▸ DATA FOR REVIEW
::::
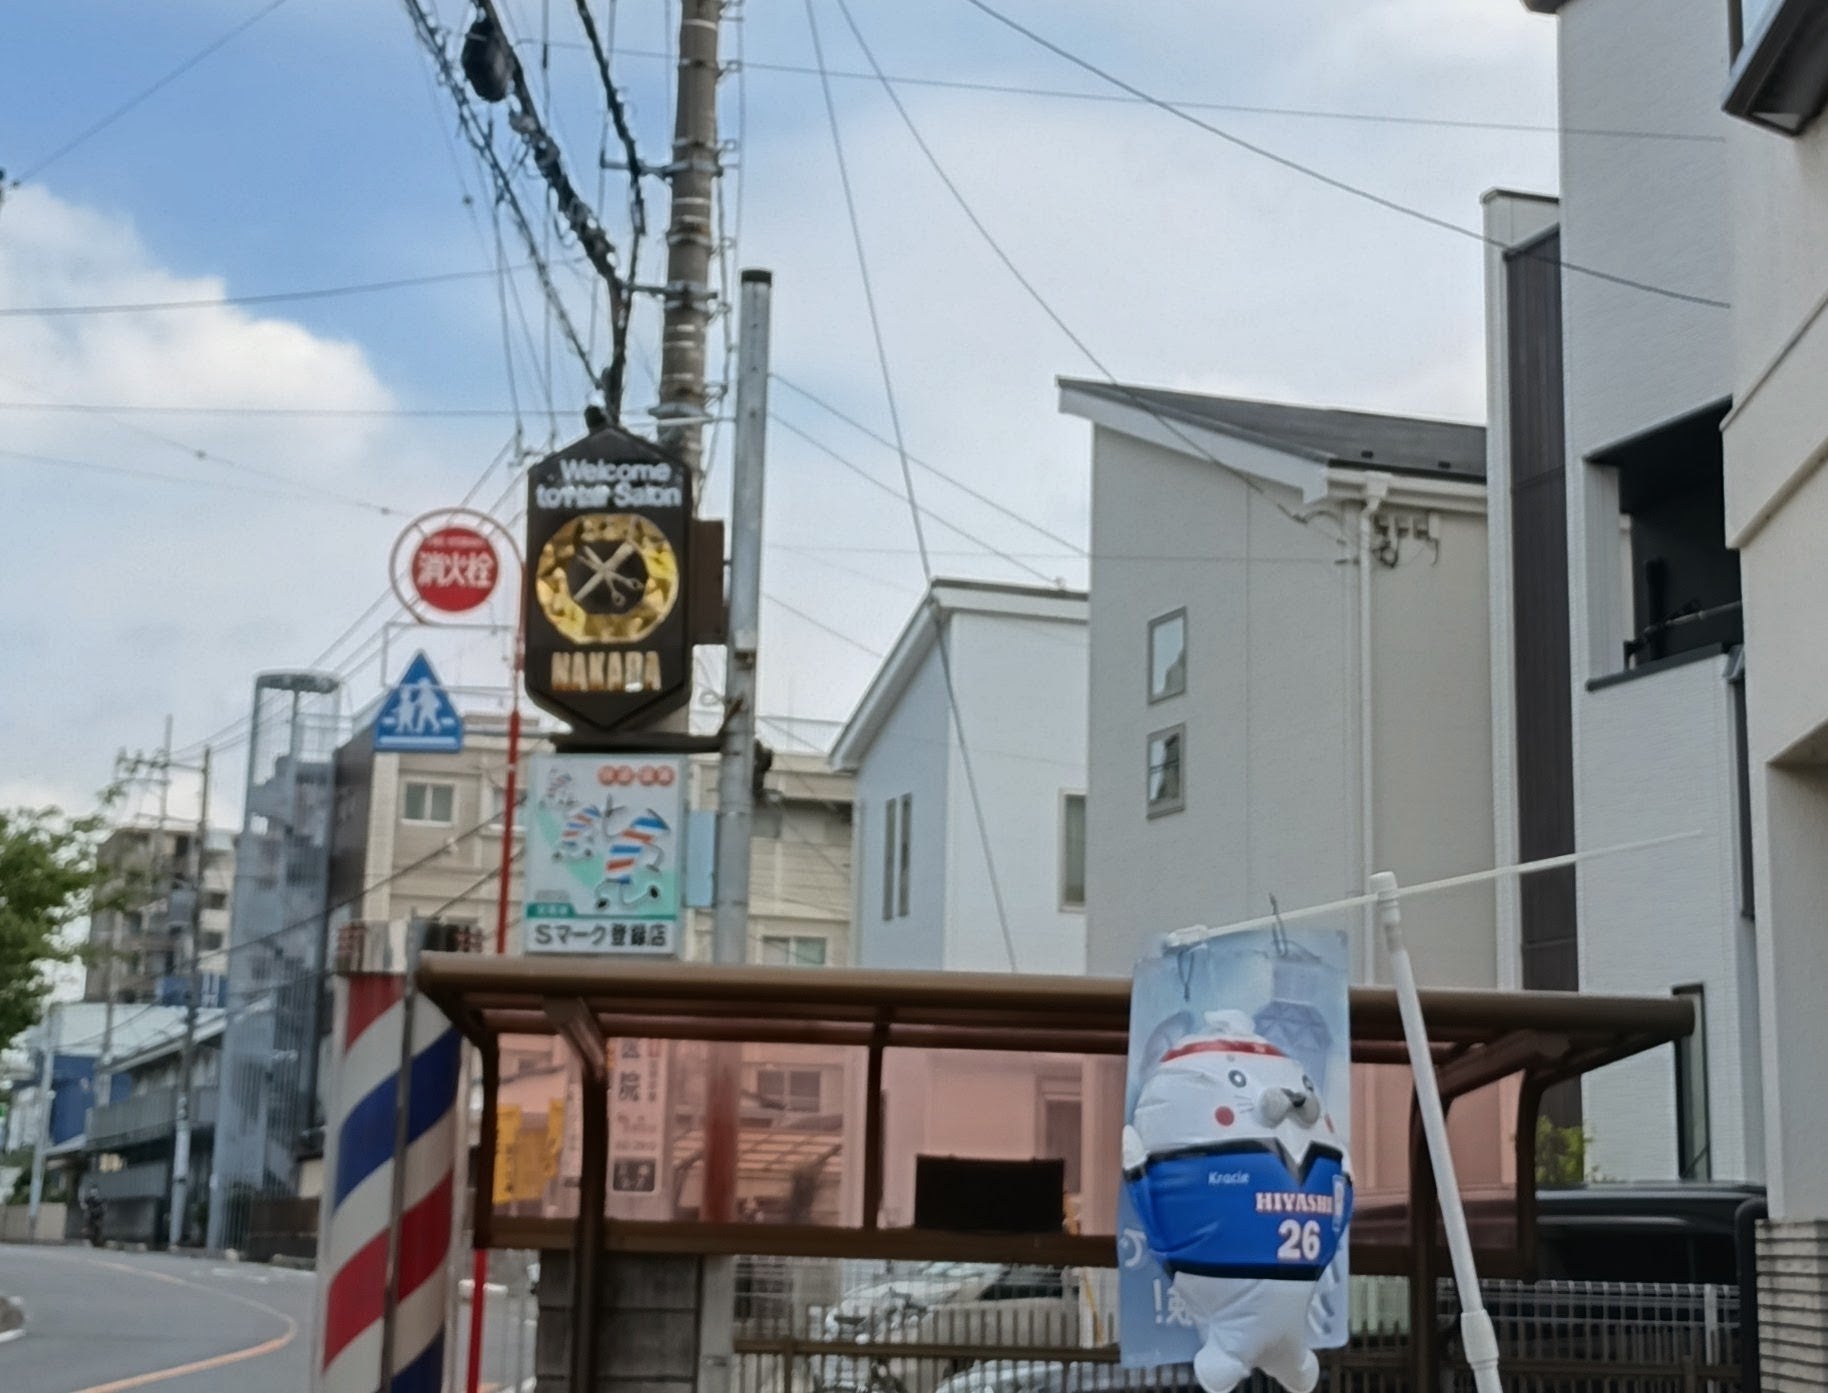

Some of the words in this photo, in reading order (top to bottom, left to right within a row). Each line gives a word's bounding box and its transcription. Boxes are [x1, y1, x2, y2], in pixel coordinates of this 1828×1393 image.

[560, 458, 672, 482] Welcome
[614, 482, 682, 507] Salon
[417, 551, 493, 587] 消火栓
[535, 923, 666, 946] Sマーク登録店
[1255, 1191, 1333, 1213] HIYASHI
[1277, 1219, 1320, 1260] 26
::::
▸ TRY IT
Repeat the data verbatim, excluding all pictures.

▸ ANSWER SECTION
Some of the words in this photo, in reading order (top to bottom, left to right within a row). Each line gives a word's bounding box and its transcription. Boxes are [x1, y1, x2, y2], in pixel coordinates of this 1828×1393 image.

[560, 458, 672, 482] Welcome
[614, 482, 682, 507] Salon
[417, 551, 493, 587] 消火栓
[535, 923, 666, 946] Sマーク登録店
[1255, 1191, 1333, 1213] HIYASHI
[1277, 1219, 1320, 1260] 26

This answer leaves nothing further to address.